A great aspect of C++’s inheritance is that information hiding is super easy. A base class’s behavior isn’t trampled by derived classes. For example:

Select All Code:
class Base {
    int x;
  public:
    Base() : x(5) { }
    void print() {
        printf("Base: %d\n", x);
    }
};
 
class Derived : public Base {
  public:
    int x;
    Derived() : x(20) { }
};
 
int main() {
    Derived().print();
}

As you’d expect, this prints ’5′. The fact that Derived also declares x does not trample on Base‘s own behavior. Now let’s take an untyped language, Python 3:

Select All Code:
class Base:
    def __init__(self):
        self.x = 5
    def print(self):
        print(self.x)
 
class Derived(Base):
    def __init__(self):
        super().__init__()
        self.x = 20
 
Derived().print()

This prints ’20′. In Python, “self” is really one object, with one set of properties and methods, whereas in the C++ model “this” is conceptually two objects, and “this” is statically typed to be the object of the containing class.

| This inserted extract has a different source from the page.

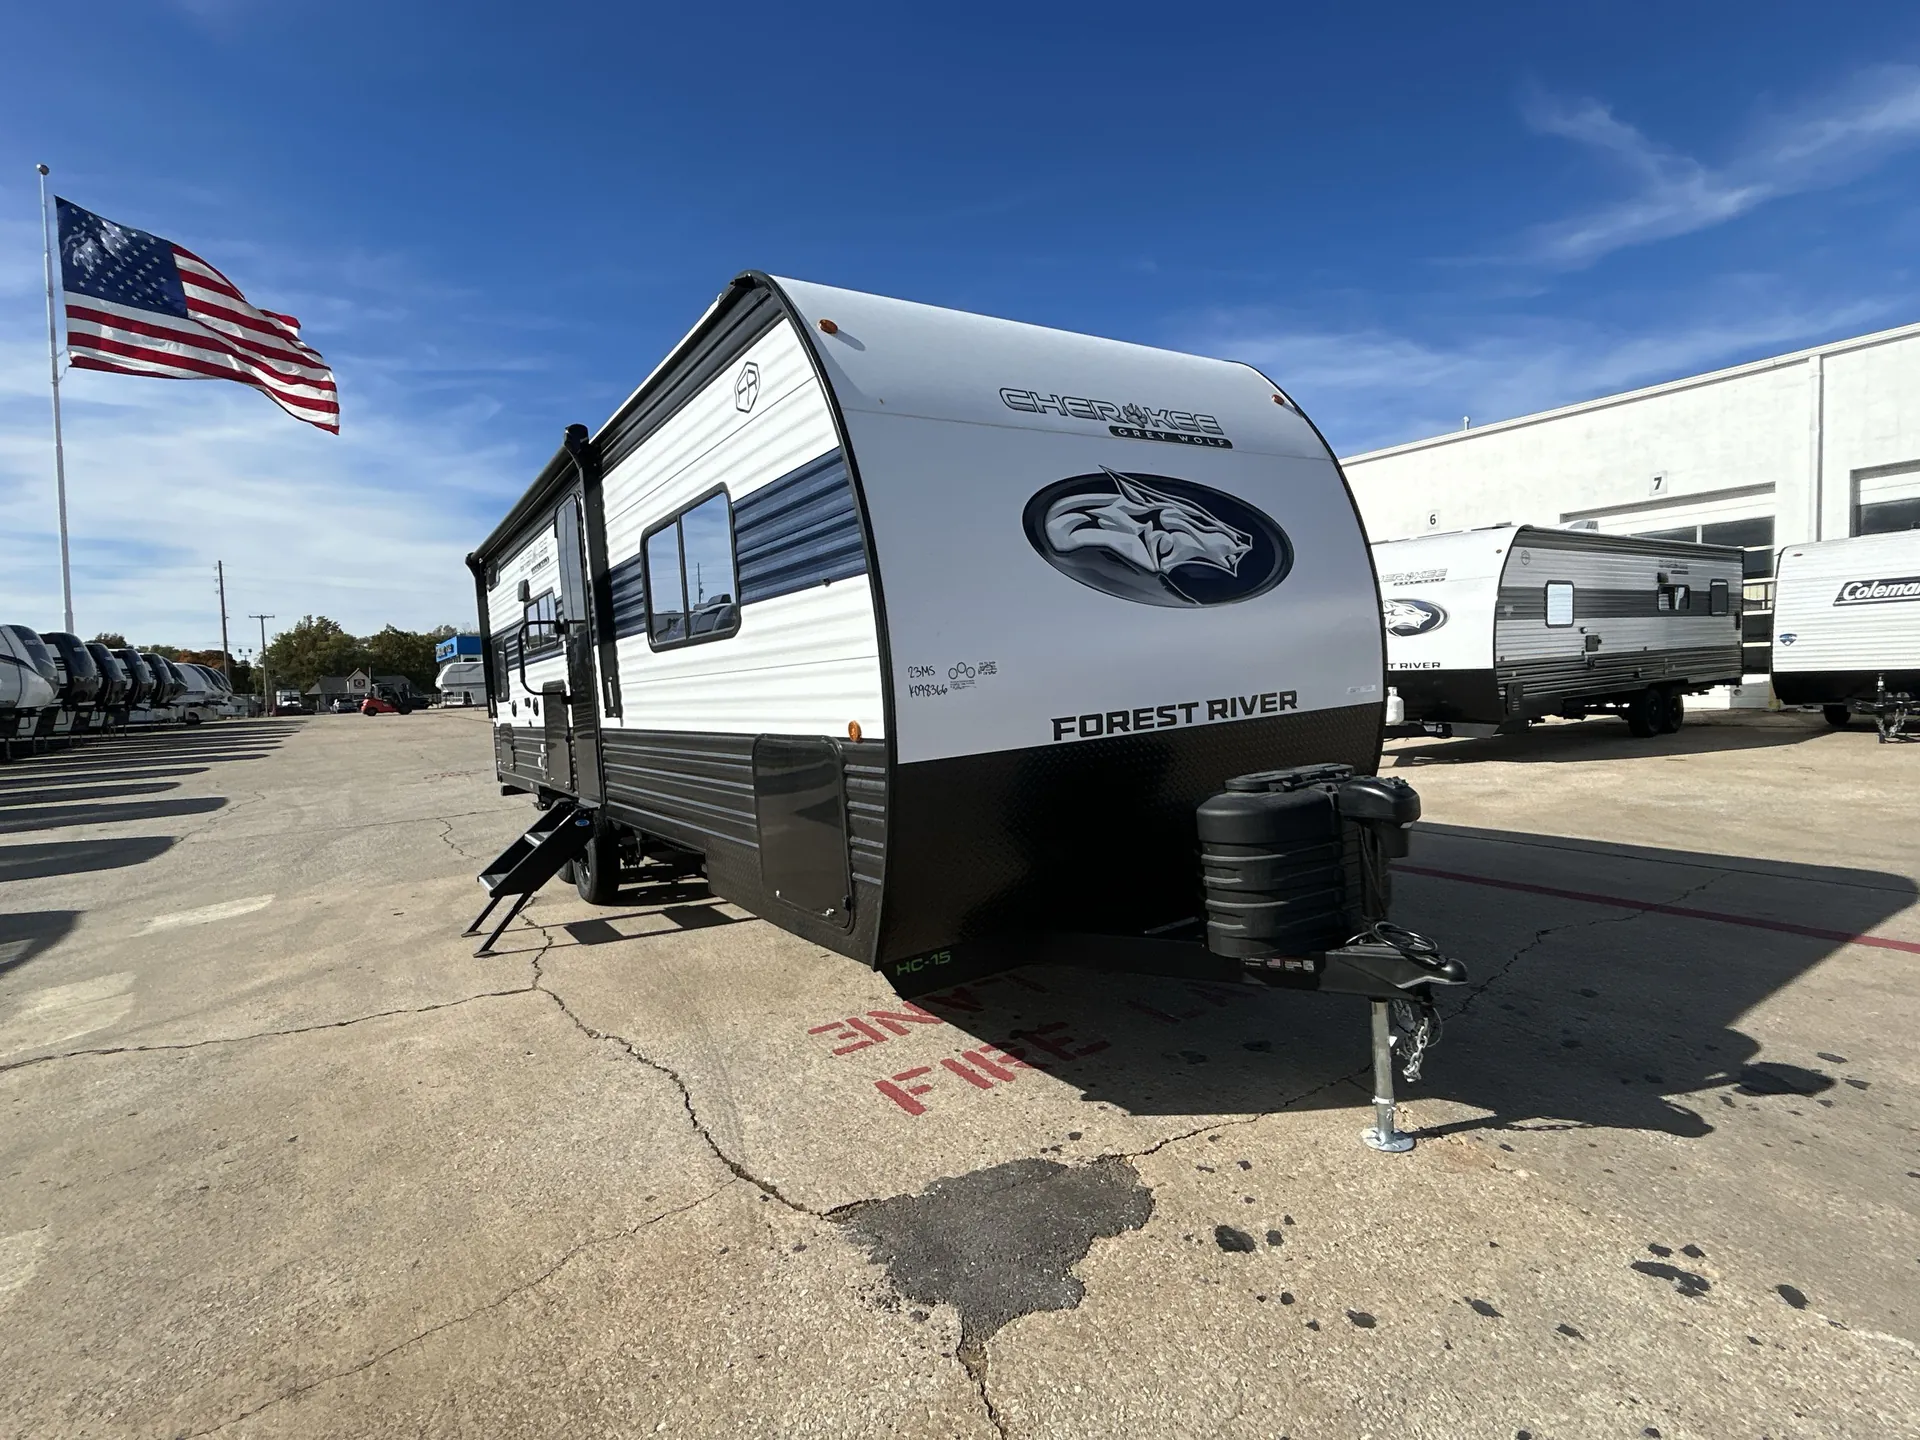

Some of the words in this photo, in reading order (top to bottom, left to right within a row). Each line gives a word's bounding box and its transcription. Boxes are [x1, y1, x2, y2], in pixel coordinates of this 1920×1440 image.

I consider the Python model unappealing for two reasons:

  1. When adding a member to a derived class, you have to know that you’re not colliding with a member of your base class.
  2. When adding a member to a base class, you might be breaking any number of unknown consumers.

JavaScript’s prototype-based inheritance discourages this style, but JS is super flexible, and if you don’t mind a very, very inefficient prototype chain, you can do this:

Select All Code:
function Base() {
    var x = 5;
    this.print = function () {
        alert(x);
    }
}
 
function Derived() {
    return Object.create(new Base(), { x: { value: 20 } });
}
 
Derived().print()

This prints “5″.

PHP’s Answer
For whatever reason, PHP takes Java’s model wholesale. Here’s an example:

Select All Code:
class Base {
    private $x;
    public function __construct() {
        $this->x = 5;
    }
    public function printMe() {
        print($this->x . "\n");
    }
}
 
class Derived extends Base {
    public $x;
    public function __construct() {
        parent::__construct();
        $this->x = 20;
    }
}
 
$obj = new Derived();
$obj->printMe();

This prints ’5′, which is what we want – and makes sense. But is $this statically typed to the Base class, like in C++? No:

Select All Code:
class Base {
    public function printMe() {
        print($this->stuff . "\n");
    }
}
 
class Derived extends Base {
    public $stuff;
    public function __construct() {
        $this->stuff = "hello";
    }
}
 
$obj = new Derived();
$obj->printMe();

This prints "hello", so PHP’s $this retains some dynamicism. Let’s up the ante. What should this do?

Select All Code:
class Base {
    private $x;
    public function __construct() {
        $this->x = 5;
    }
    public function compareTo($obj) {
        return $this->x == $obj->x;
    }
}
 
class Derived extends Base {
    public $x;
    public function __construct() {
        parent::__construct();
        $this->x = 20;
    }
}
 
$b = new Base();
$d = new Derived();
print($b->compareTo($d) . ", " . $d->compareTo($b) . "\n");

This prints true in both cases! For any property access in a PHP class function, if the object has that class on its inheritance chain, it uses the property on that class. Otherwise, it searches from the derived-most class back to the base class like normal. This implicitly hides variables on the derived object. Nonetheless it’s the right choice given the model, especially considering that it’s usually bad practice for a base class’s behavior to explicitly cast to one of its derived class.

Note that the fact that the inner x is private is actually irrelevant. Even if it were public, the base class should retain its behavior. Banning redeclaration works, though then you run the risk of potentially preventing an unknown consumer from compiling (albeit, better than silently being wrong). Similar issues occur with introducing new virtual functions or overloads.

So, what did we do?
After letting this all sink in, I decided to scrap inheritance as a feature of our next language iteration. Having objects alone will be a huge step forward, and we can evaluate use cases from there. I’m satisfied with this for a few reasons.

Inheritance is really complicated with types, and even more complicated without. And in an untyped language, it’s not even clear if implementation inheritance is useful. PHP’s interfaces and abstract classes seem verbose and heavyweight in comparison to JavaScript or Python, in return for a very small amount of static guarantees.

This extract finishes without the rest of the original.